ASSIGNED TASK:
An exact copy of all entries is the expected answer.

DATASET EXCERPTS:
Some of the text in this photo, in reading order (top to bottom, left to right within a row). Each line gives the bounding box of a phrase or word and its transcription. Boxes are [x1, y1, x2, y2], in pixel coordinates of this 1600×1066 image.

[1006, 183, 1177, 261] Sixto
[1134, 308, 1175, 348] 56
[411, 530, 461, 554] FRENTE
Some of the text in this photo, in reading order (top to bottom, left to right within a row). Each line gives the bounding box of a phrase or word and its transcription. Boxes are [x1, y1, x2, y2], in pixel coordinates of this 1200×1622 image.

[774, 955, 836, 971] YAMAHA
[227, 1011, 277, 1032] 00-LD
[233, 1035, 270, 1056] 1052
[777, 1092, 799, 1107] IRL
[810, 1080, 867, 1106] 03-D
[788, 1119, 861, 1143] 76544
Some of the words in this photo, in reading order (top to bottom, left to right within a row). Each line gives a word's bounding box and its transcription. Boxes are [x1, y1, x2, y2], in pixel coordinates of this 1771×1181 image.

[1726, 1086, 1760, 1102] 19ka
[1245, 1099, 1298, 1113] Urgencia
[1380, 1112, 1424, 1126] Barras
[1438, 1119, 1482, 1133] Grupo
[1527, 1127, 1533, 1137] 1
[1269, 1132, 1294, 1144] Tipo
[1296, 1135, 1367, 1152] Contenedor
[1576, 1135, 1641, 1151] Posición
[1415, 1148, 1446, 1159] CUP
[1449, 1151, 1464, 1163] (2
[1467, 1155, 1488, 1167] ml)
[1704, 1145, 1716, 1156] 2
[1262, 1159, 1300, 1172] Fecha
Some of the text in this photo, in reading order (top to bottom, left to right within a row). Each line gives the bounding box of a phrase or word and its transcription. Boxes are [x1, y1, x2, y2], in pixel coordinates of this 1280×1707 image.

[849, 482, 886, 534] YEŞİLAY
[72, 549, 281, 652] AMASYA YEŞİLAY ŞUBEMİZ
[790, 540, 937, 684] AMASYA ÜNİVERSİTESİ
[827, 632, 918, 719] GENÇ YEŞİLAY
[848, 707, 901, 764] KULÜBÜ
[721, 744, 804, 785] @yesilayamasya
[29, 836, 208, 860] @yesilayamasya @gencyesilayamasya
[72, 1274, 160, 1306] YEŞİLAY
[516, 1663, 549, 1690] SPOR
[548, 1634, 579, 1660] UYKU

TASK OUTPUT:
Some of the text in this photo, in reading order (top to bottom, left to right within a row). Each line gives the bounding box of a phrase or word and its transcription. Boxes are [x1, y1, x2, y2], in pixel coordinates of this 1600×1066 image.

[1006, 183, 1177, 261] Sixto
[1134, 308, 1175, 348] 56
[411, 530, 461, 554] FRENTE
Some of the text in this photo, in reading order (top to bottom, left to right within a row). Each line gives the bounding box of a phrase or word and its transcription. Boxes are [x1, y1, x2, y2], in pixel coordinates of this 1200×1622 image.

[774, 955, 836, 971] YAMAHA
[227, 1011, 277, 1032] 00-LD
[233, 1035, 270, 1056] 1052
[777, 1092, 799, 1107] IRL
[810, 1080, 867, 1106] 03-D
[788, 1119, 861, 1143] 76544
Some of the words in this photo, in reading order (top to bottom, left to right within a row). Each line gives a word's bounding box and its transcription. Boxes are [x1, y1, x2, y2], in pixel coordinates of this 1771×1181 image.

[1726, 1086, 1760, 1102] 19ka
[1245, 1099, 1298, 1113] Urgencia
[1380, 1112, 1424, 1126] Barras
[1438, 1119, 1482, 1133] Grupo
[1527, 1127, 1533, 1137] 1
[1269, 1132, 1294, 1144] Tipo
[1296, 1135, 1367, 1152] Contenedor
[1576, 1135, 1641, 1151] Posición
[1415, 1148, 1446, 1159] CUP
[1449, 1151, 1464, 1163] (2
[1467, 1155, 1488, 1167] ml)
[1704, 1145, 1716, 1156] 2
[1262, 1159, 1300, 1172] Fecha
Some of the text in this photo, in reading order (top to bottom, left to right within a row). Each line gives the bounding box of a phrase or word and its transcription. Boxes are [x1, y1, x2, y2], in pixel coordinates of this 1280×1707 image.

[849, 482, 886, 534] YEŞİLAY
[72, 549, 281, 652] AMASYA YEŞİLAY ŞUBEMİZ
[790, 540, 937, 684] AMASYA ÜNİVERSİTESİ
[827, 632, 918, 719] GENÇ YEŞİLAY
[848, 707, 901, 764] KULÜBÜ
[721, 744, 804, 785] @yesilayamasya
[29, 836, 208, 860] @yesilayamasya @gencyesilayamasya
[72, 1274, 160, 1306] YEŞİLAY
[516, 1663, 549, 1690] SPOR
[548, 1634, 579, 1660] UYKU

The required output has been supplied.